**Work order**
Could you return all of the records exactly, minus their images?

[[ Dataset records open ]]

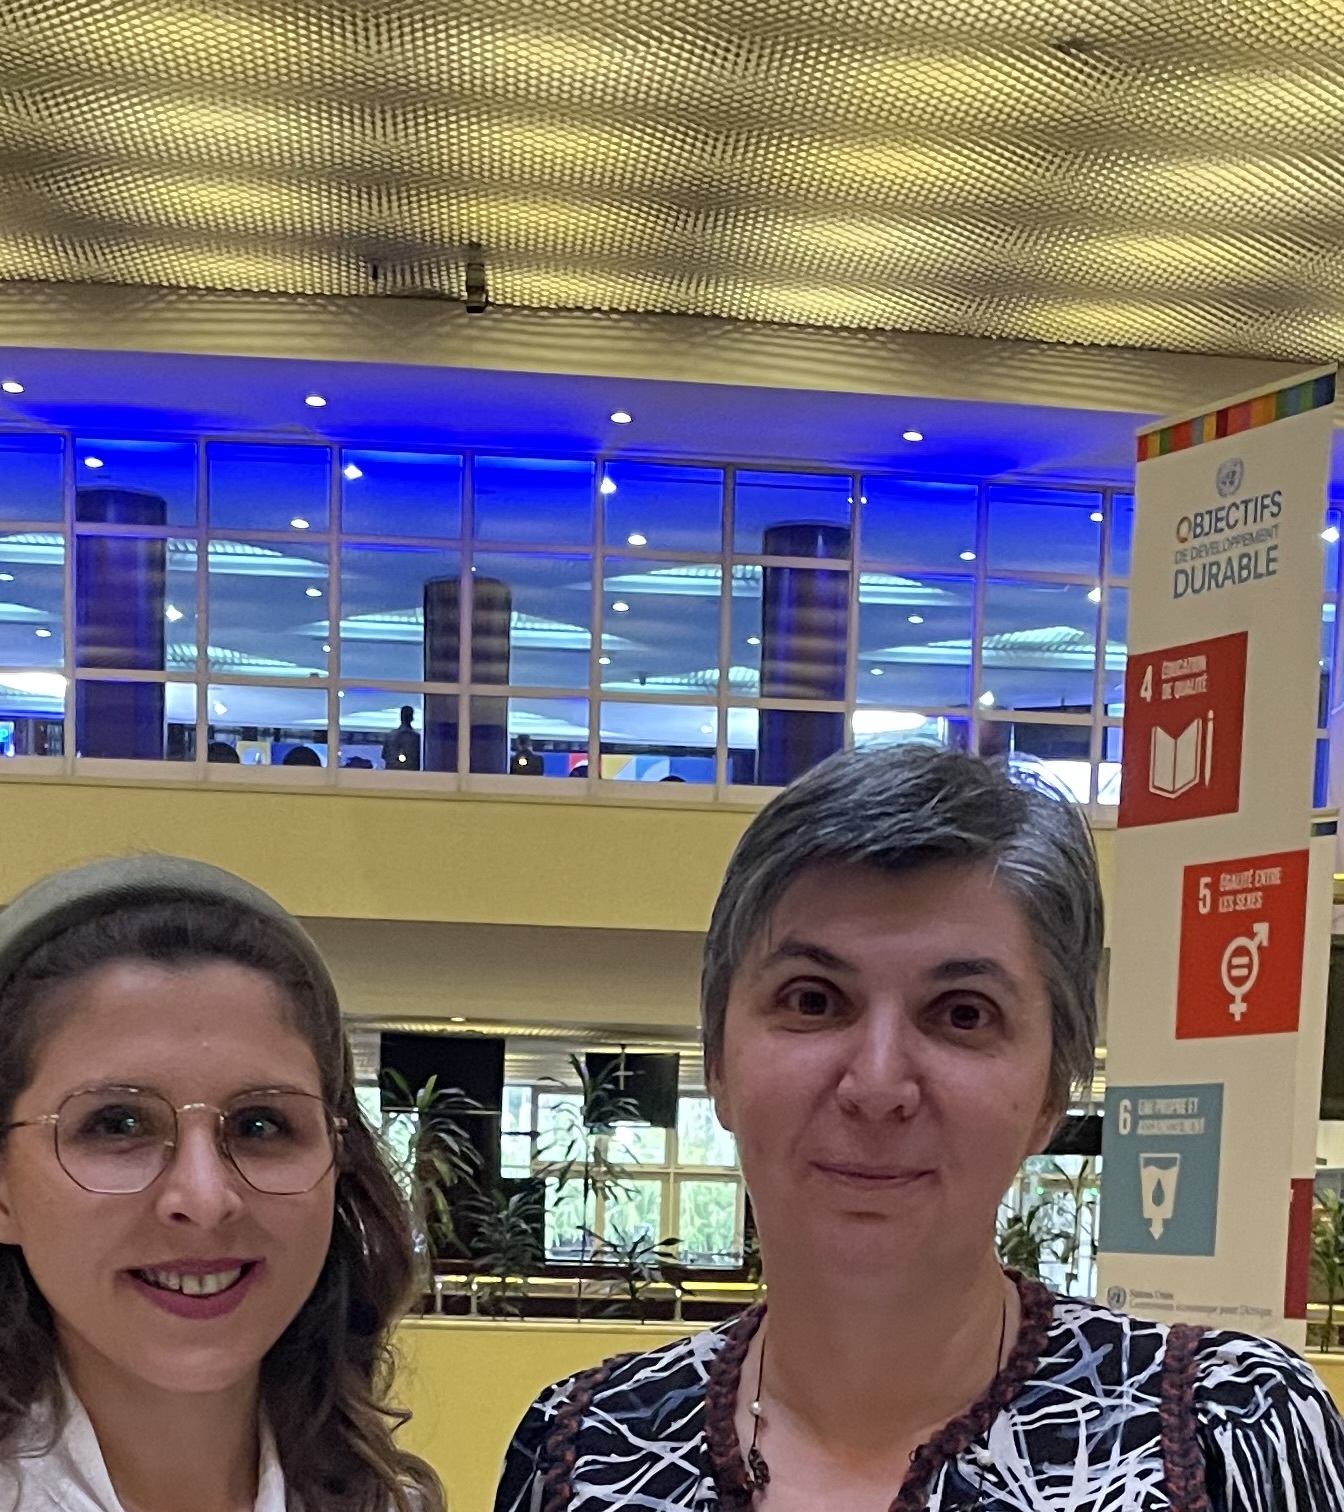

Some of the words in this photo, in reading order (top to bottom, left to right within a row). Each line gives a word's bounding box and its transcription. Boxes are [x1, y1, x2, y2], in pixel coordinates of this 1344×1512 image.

[1176, 490, 1283, 544] OBJECTIFS
[1173, 543, 1278, 599] DURABLE
[1140, 664, 1153, 702] 4
[1198, 876, 1212, 915] 5
[1119, 1099, 1132, 1135] 6

[[ Dataset records closed ]]

**Answer to this task**
Some of the words in this photo, in reading order (top to bottom, left to right within a row). Each line gives a word's bounding box and its transcription. Boxes are [x1, y1, x2, y2], in pixel coordinates of this 1344×1512 image.

[1176, 490, 1283, 544] OBJECTIFS
[1173, 543, 1278, 599] DURABLE
[1140, 664, 1153, 702] 4
[1198, 876, 1212, 915] 5
[1119, 1099, 1132, 1135] 6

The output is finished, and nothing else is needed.